» DIRECTIONS
Word for word, quote the lines from the one containing "Some of the text" to the end of the entries below, including both. Leave pictures out.

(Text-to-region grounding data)
-----

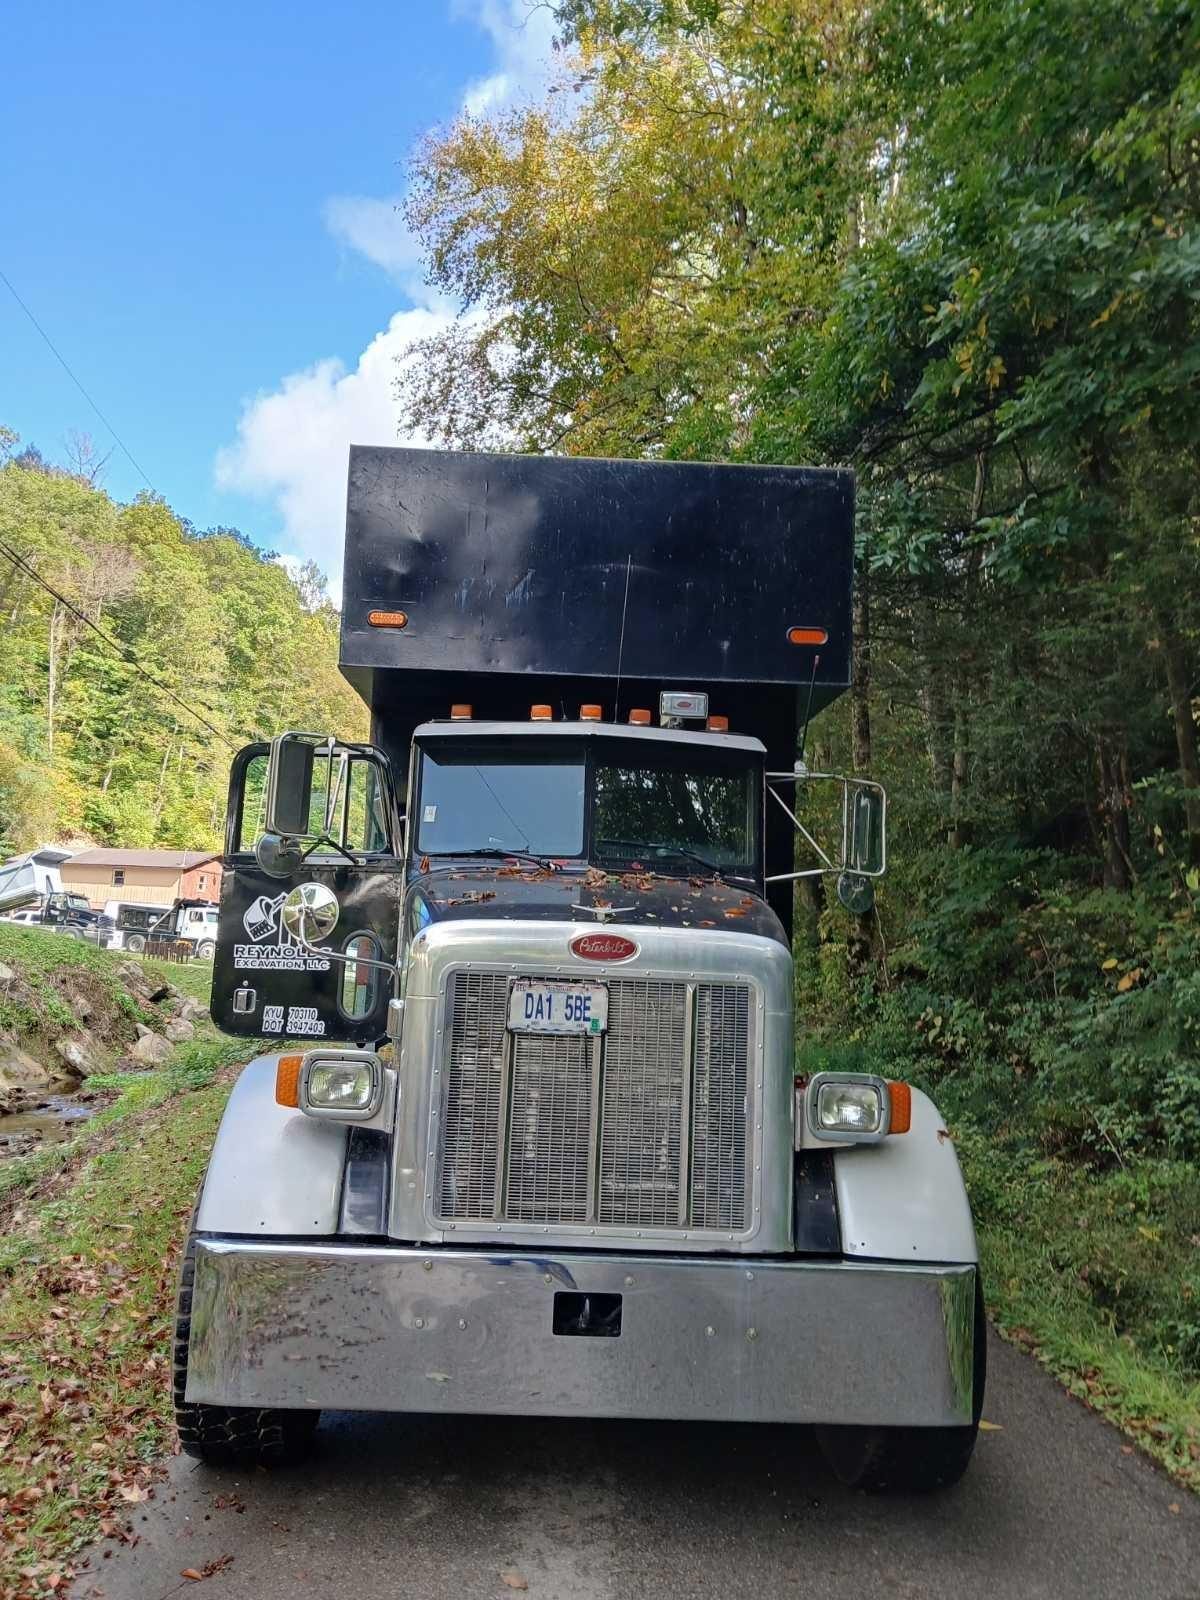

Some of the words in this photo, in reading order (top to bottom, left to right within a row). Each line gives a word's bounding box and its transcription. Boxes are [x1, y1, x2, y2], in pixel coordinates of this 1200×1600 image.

[306, 959, 331, 971] LLC
[263, 1006, 284, 1020] KYU
[288, 1007, 318, 1021] 703110
[525, 993, 552, 1020] DA1
[564, 995, 592, 1022] 5BE
[262, 1019, 284, 1032] DOT
[286, 1020, 325, 1034] 3947403
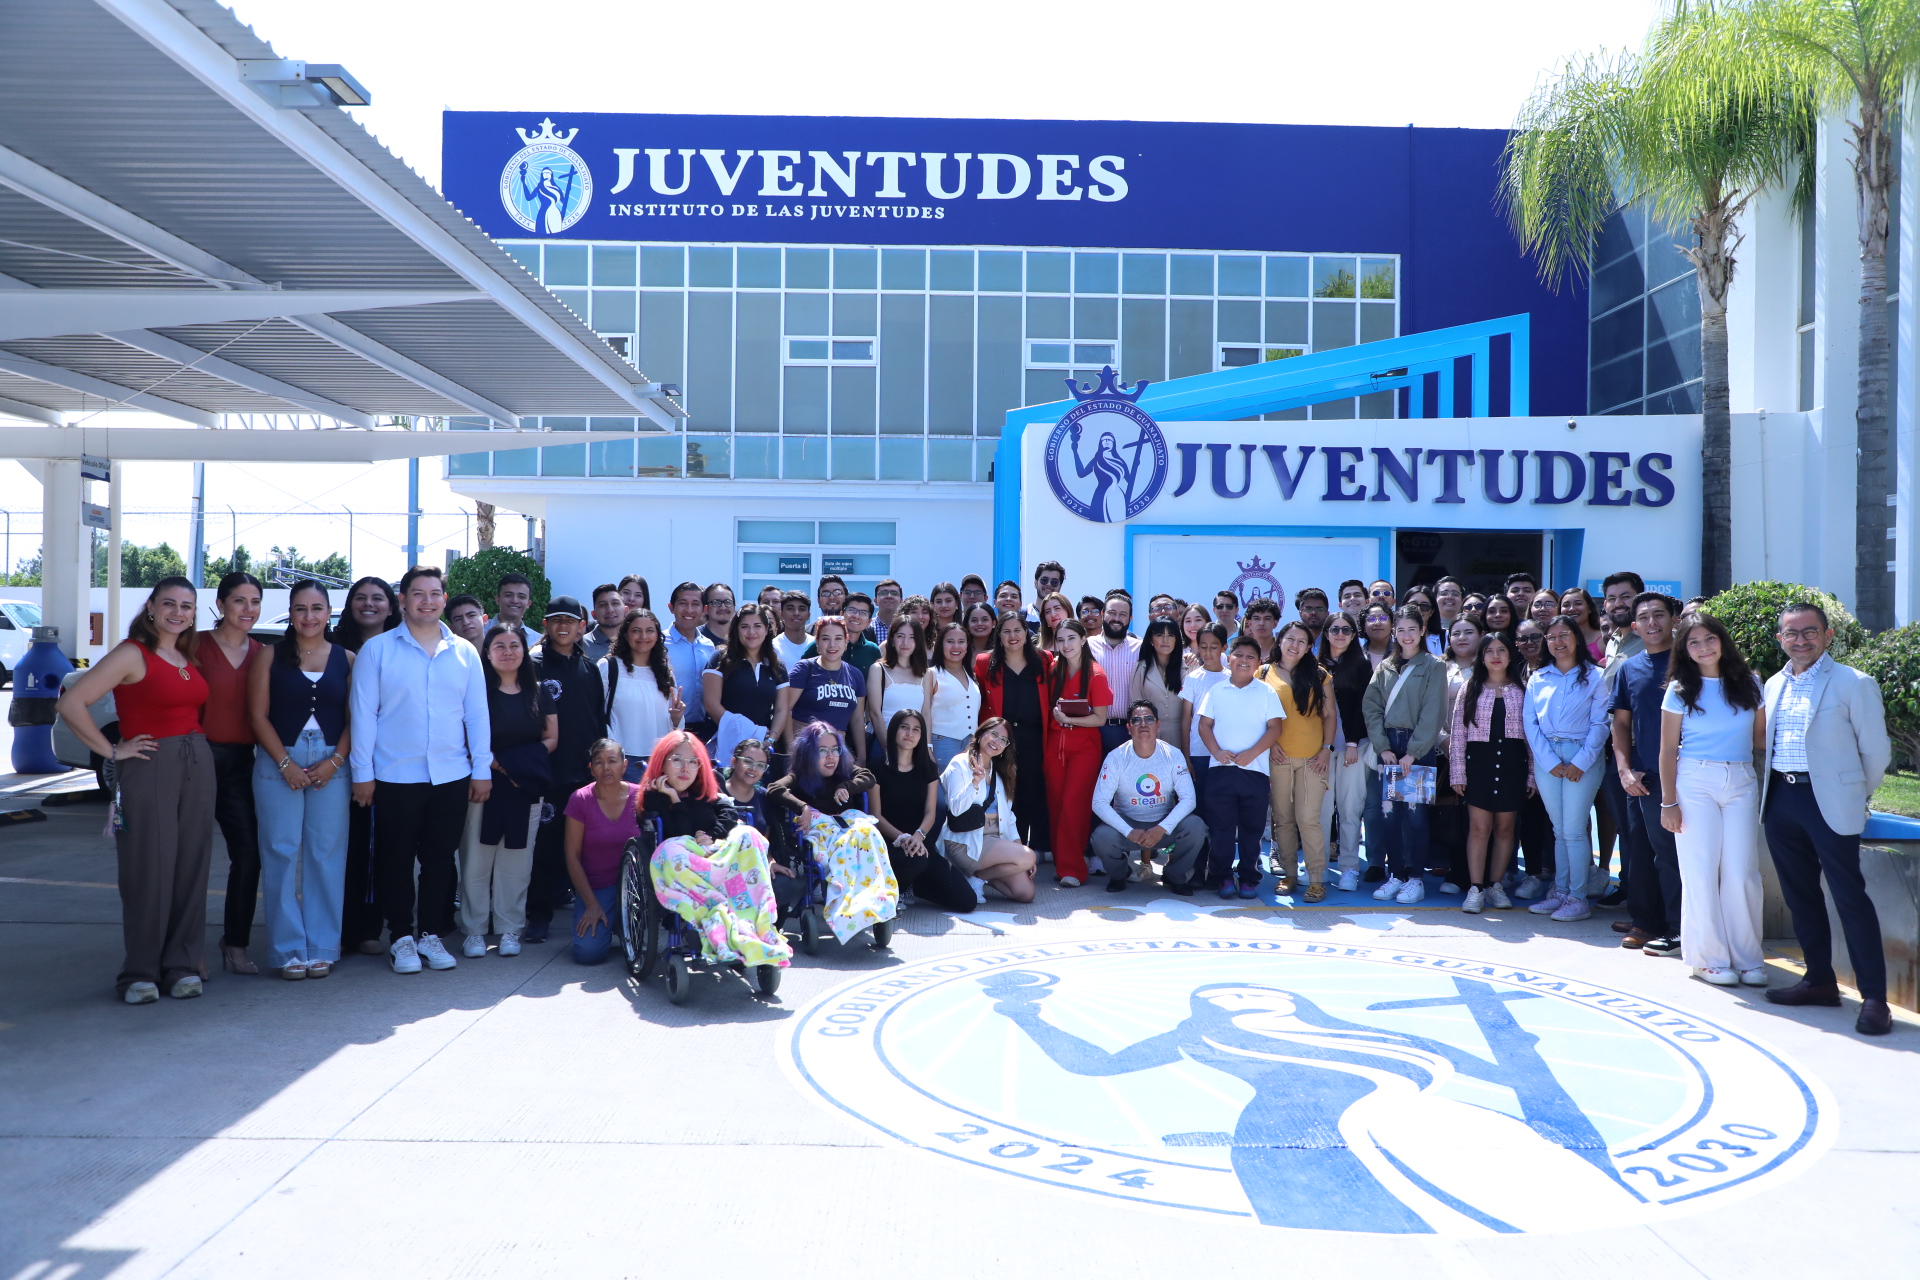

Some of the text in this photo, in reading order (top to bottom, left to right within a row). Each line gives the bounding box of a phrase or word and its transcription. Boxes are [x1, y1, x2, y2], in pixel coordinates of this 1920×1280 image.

[503, 158, 519, 190] GOBIERNO
[519, 149, 530, 159] DEL
[567, 152, 590, 191] GUANAJUATO
[609, 148, 1129, 203] JUVENTUDES
[514, 212, 530, 227] 2024
[562, 212, 580, 226] 2030
[609, 203, 945, 220] INSTITUTO DE LAS JUVENTUDES
[1048, 402, 1165, 466] GOBIERNO DEL ESTADO DE GUANAJUATO
[1172, 443, 1675, 508] JUVENTUDES
[1062, 493, 1083, 513] 2024
[1127, 495, 1150, 514] 2030
[1131, 796, 1167, 806] steam
[817, 940, 1721, 1043] GOBIERNO DEL ESTADO DE GUANAJUATO
[934, 1123, 1156, 1190] 2024
[1622, 1122, 1778, 1188] 2030
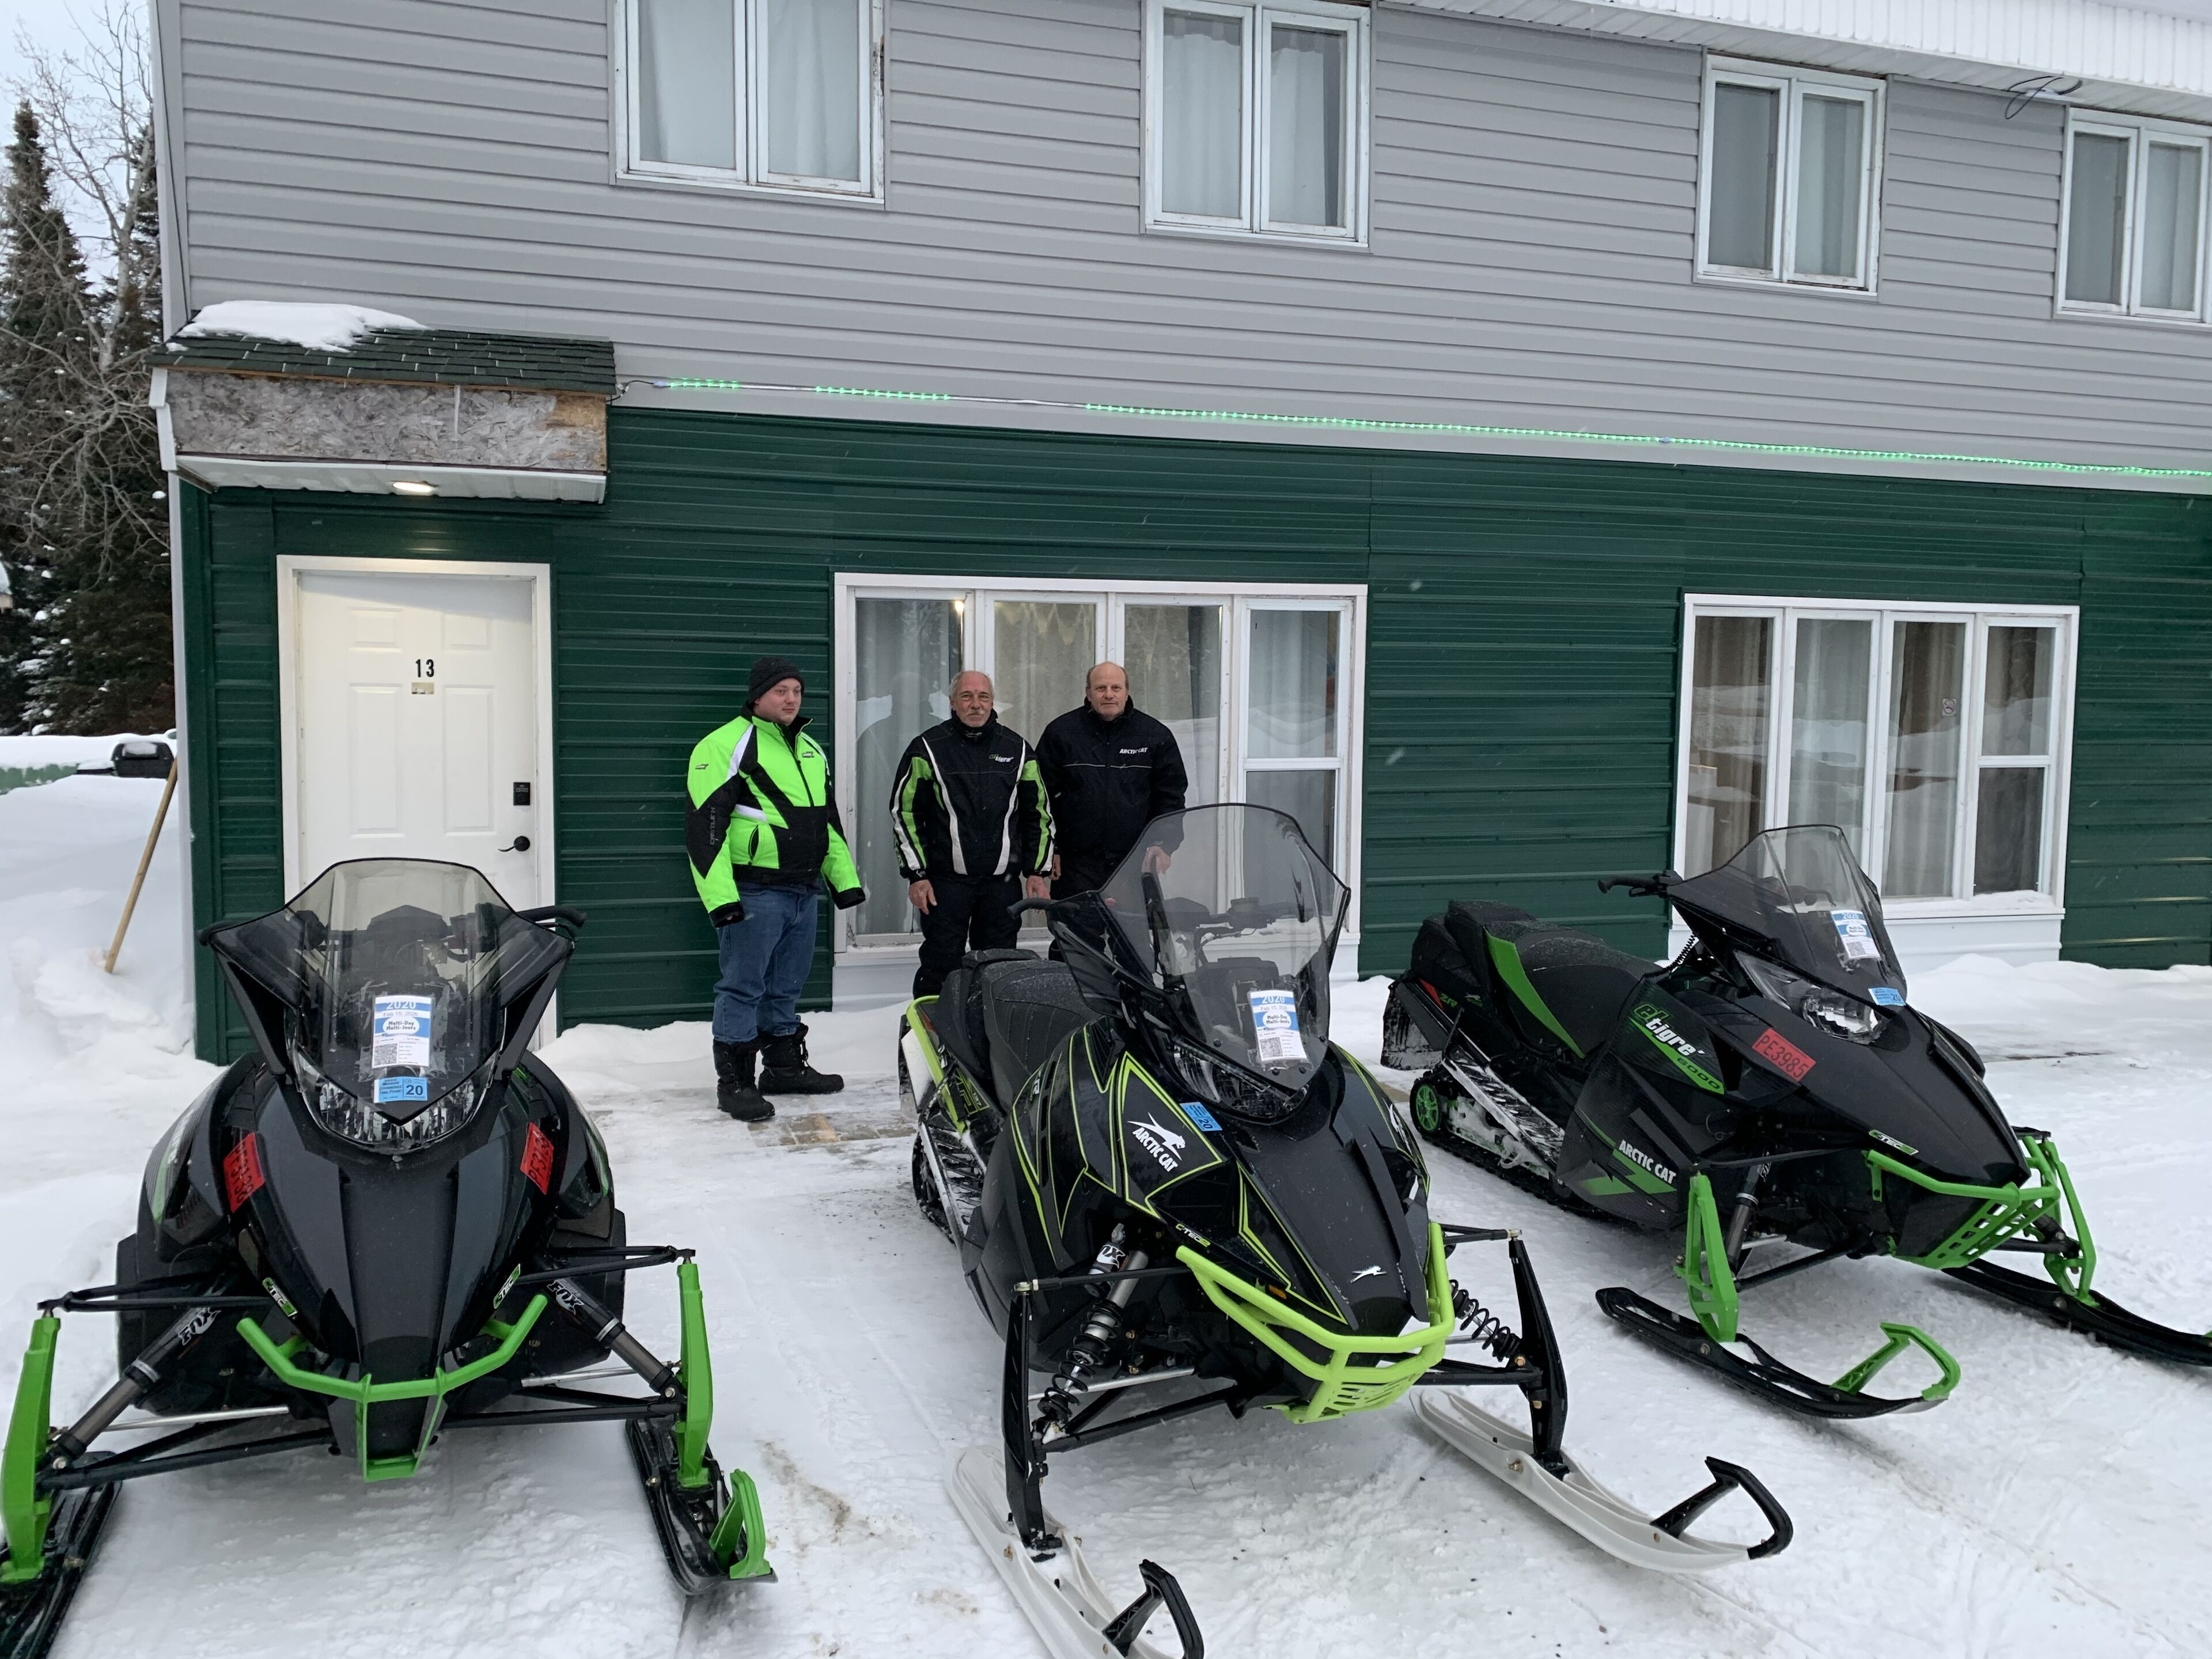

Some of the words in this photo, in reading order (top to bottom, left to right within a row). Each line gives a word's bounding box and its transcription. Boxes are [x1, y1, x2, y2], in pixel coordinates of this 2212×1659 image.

-----

» TASK RESPONSE
Some of the text in this photo, in reading order (top to bottom, left to right within a row). Each line gives the bounding box of a phrase or word and its transcription. Boxes are [x1, y1, x2, y2], in pixel coordinates of this 1920×1280 image.

[503, 158, 519, 190] GOBIERNO
[519, 149, 530, 159] DEL
[567, 152, 590, 191] GUANAJUATO
[609, 148, 1129, 203] JUVENTUDES
[514, 212, 530, 227] 2024
[562, 212, 580, 226] 2030
[609, 203, 945, 220] INSTITUTO DE LAS JUVENTUDES
[1048, 402, 1165, 466] GOBIERNO DEL ESTADO DE GUANAJUATO
[1172, 443, 1675, 508] JUVENTUDES
[1062, 493, 1083, 513] 2024
[1127, 495, 1150, 514] 2030
[1131, 796, 1167, 806] steam
[817, 940, 1721, 1043] GOBIERNO DEL ESTADO DE GUANAJUATO
[934, 1123, 1156, 1190] 2024
[1622, 1122, 1778, 1188] 2030

Some of the words in this photo, in reading order (top to bottom, left to right within a row). Each line gives a word's bounding box and its transcription. Boxes are [x1, y1, x2, y2], in pixel coordinates of this 2212×1659 image.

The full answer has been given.